(Exercise input Opens)

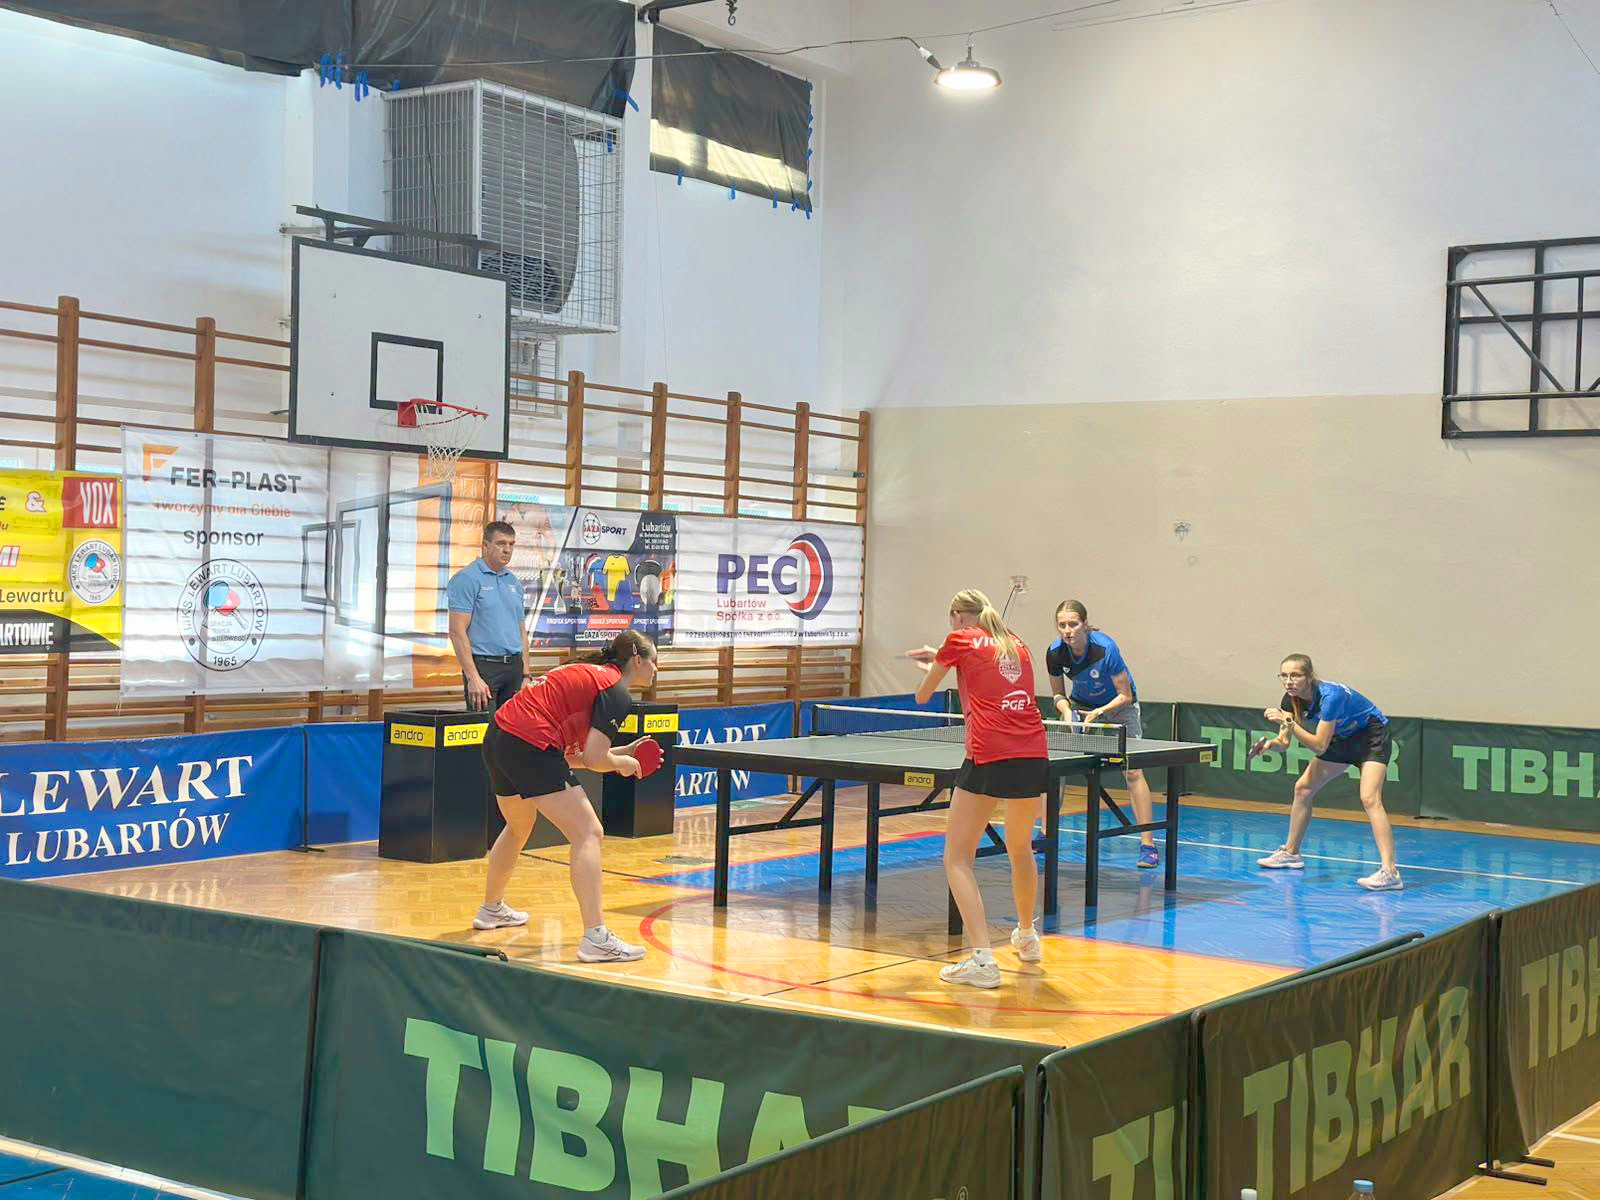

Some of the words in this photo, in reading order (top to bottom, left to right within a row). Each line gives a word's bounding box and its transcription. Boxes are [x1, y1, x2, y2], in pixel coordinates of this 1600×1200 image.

[171, 466, 302, 494] FER-PLAST
[80, 481, 114, 525] VOX
[154, 500, 224, 518] Tworzymy
[183, 529, 264, 549] sponsor
[601, 525, 628, 536] SPORT
[188, 563, 229, 598] LEWART
[716, 553, 798, 596] PEC
[758, 613, 763, 621] z
[213, 656, 237, 667] 1965
[1001, 699, 1026, 711] PGE
[646, 718, 671, 728] andro
[393, 729, 424, 741] andro
[447, 729, 478, 741] andro
[906, 775, 931, 784] andro
[1452, 744, 1600, 798] TIBH
[6, 808, 230, 866] LUBARTÓW
[1243, 986, 1472, 1200] TIBHAR
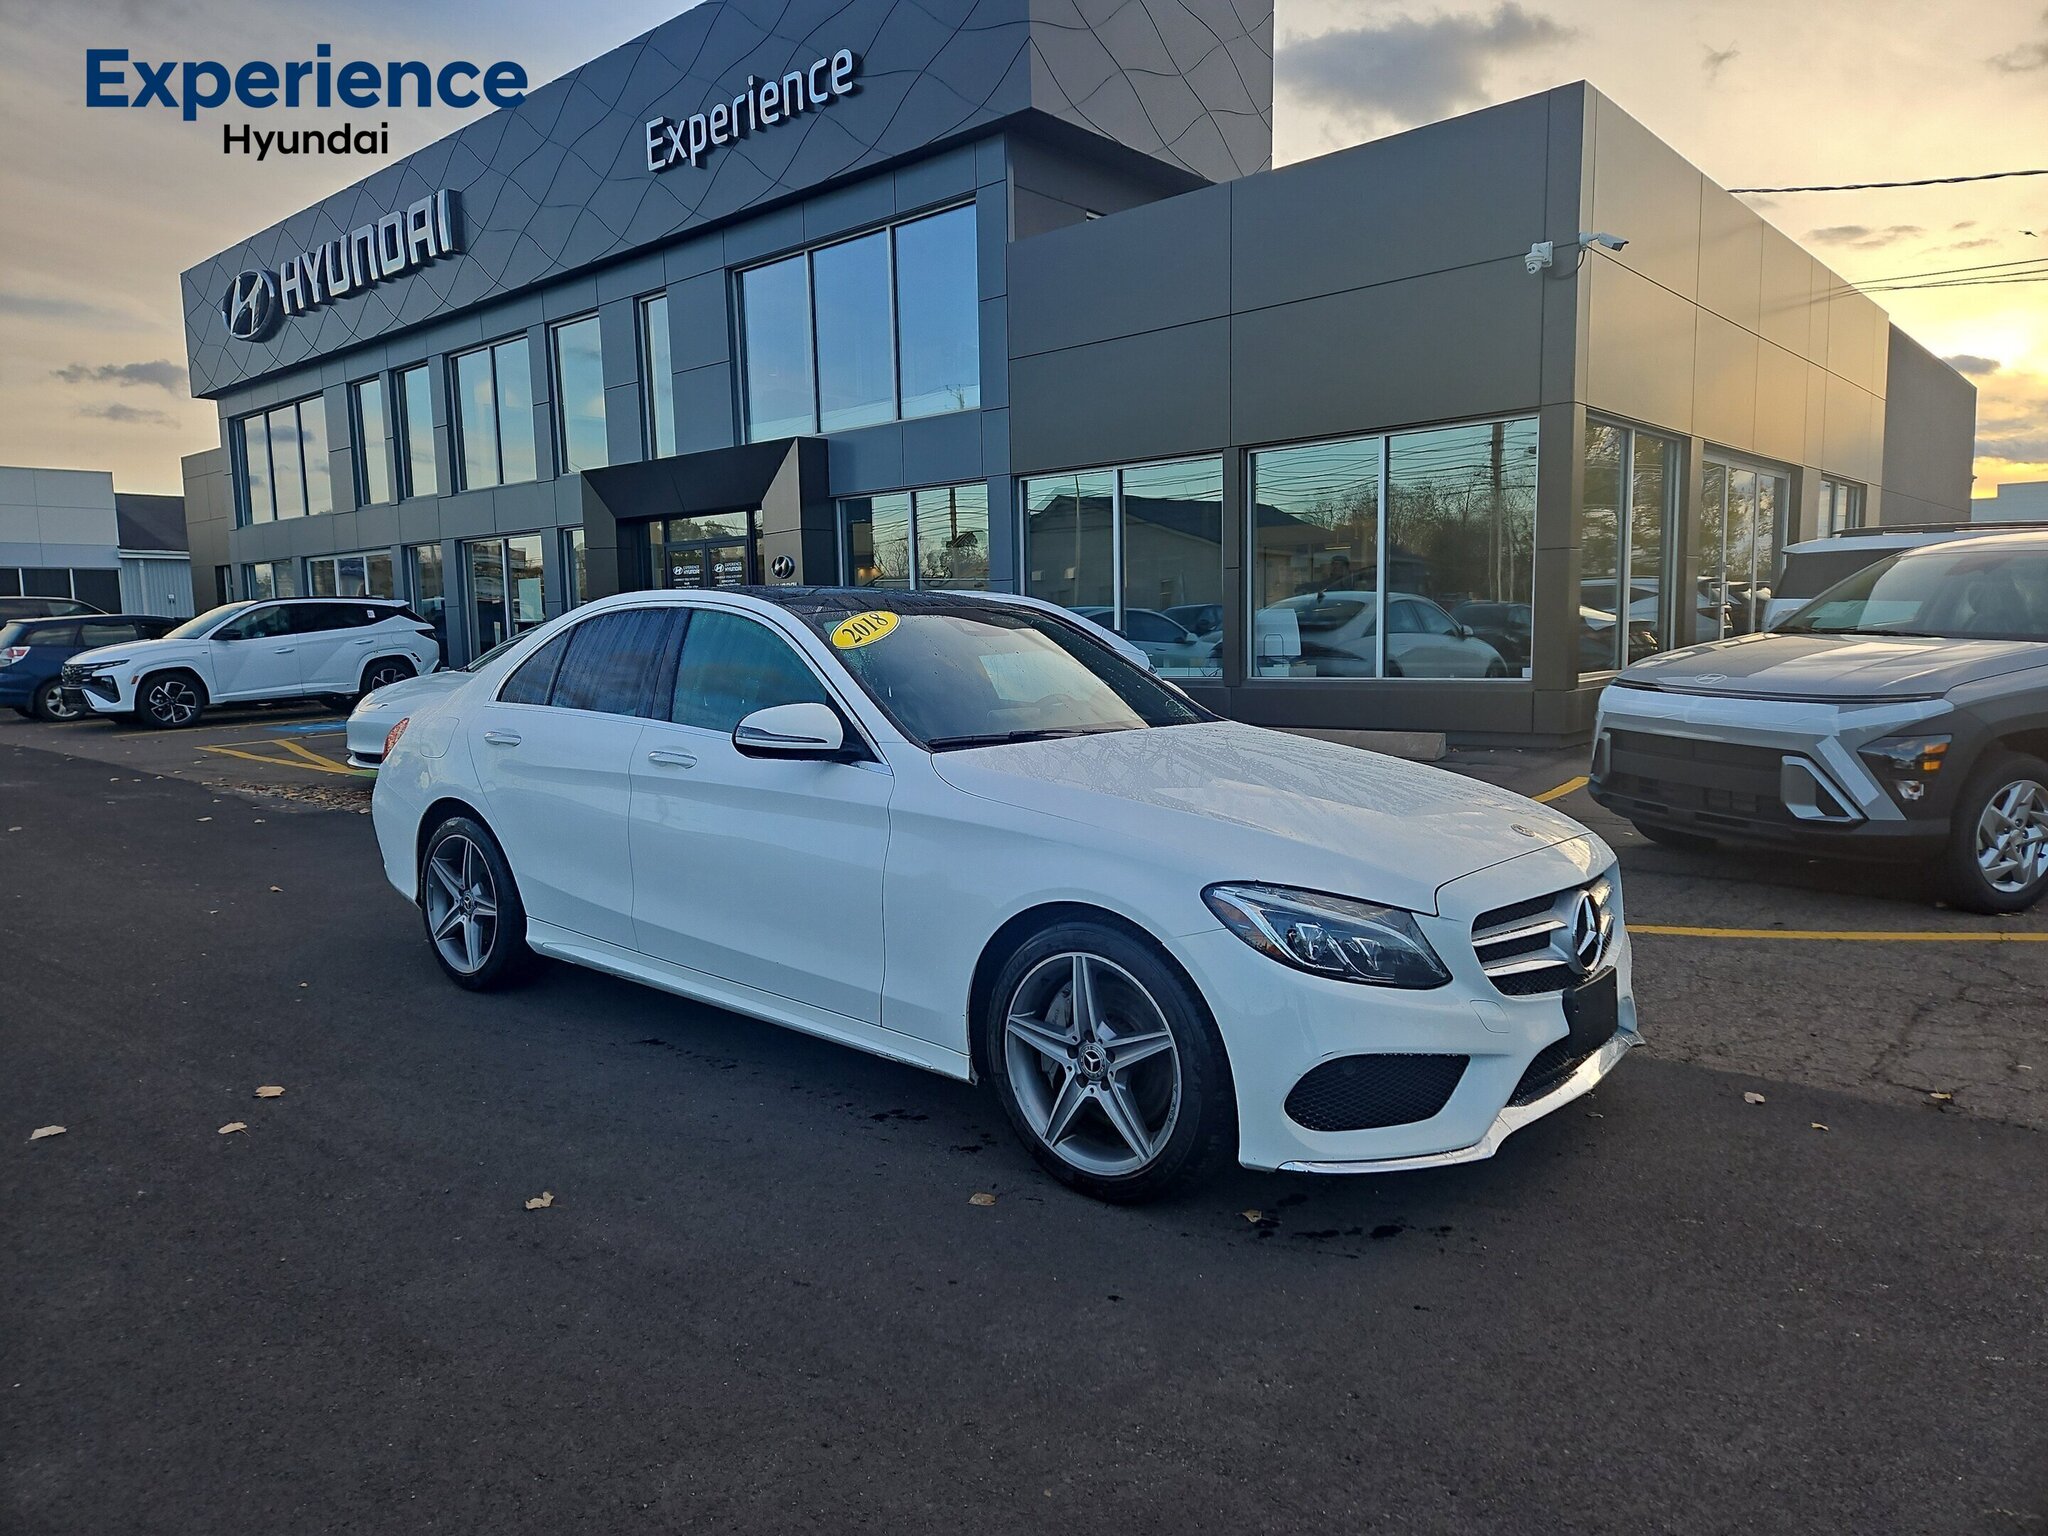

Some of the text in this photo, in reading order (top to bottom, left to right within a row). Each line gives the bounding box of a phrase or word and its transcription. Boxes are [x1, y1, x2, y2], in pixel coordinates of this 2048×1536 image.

[645, 48, 853, 172] Experience
[280, 189, 453, 315] HYUNDAI
[842, 613, 889, 643] 2018

(Exercise input Closes)

▸ **Task objective**
Write the material above out again exactly. Omit every image.

▸ **Written reply**
Some of the words in this photo, in reading order (top to bottom, left to right within a row). Each line gives a word's bounding box and its transcription. Boxes are [x1, y1, x2, y2], in pixel coordinates of this 1600×1200 image.

[171, 466, 302, 494] FER-PLAST
[80, 481, 114, 525] VOX
[154, 500, 224, 518] Tworzymy
[183, 529, 264, 549] sponsor
[601, 525, 628, 536] SPORT
[188, 563, 229, 598] LEWART
[716, 553, 798, 596] PEC
[758, 613, 763, 621] z
[213, 656, 237, 667] 1965
[1001, 699, 1026, 711] PGE
[646, 718, 671, 728] andro
[393, 729, 424, 741] andro
[447, 729, 478, 741] andro
[906, 775, 931, 784] andro
[1452, 744, 1600, 798] TIBH
[6, 808, 230, 866] LUBARTÓW
[1243, 986, 1472, 1200] TIBHAR

Some of the text in this photo, in reading order (top to bottom, left to right within a row). Each line gives the bounding box of a phrase or word and its transcription. Boxes are [x1, y1, x2, y2], in pixel coordinates of this 2048×1536 image.

[645, 48, 853, 172] Experience
[280, 189, 453, 315] HYUNDAI
[842, 613, 889, 643] 2018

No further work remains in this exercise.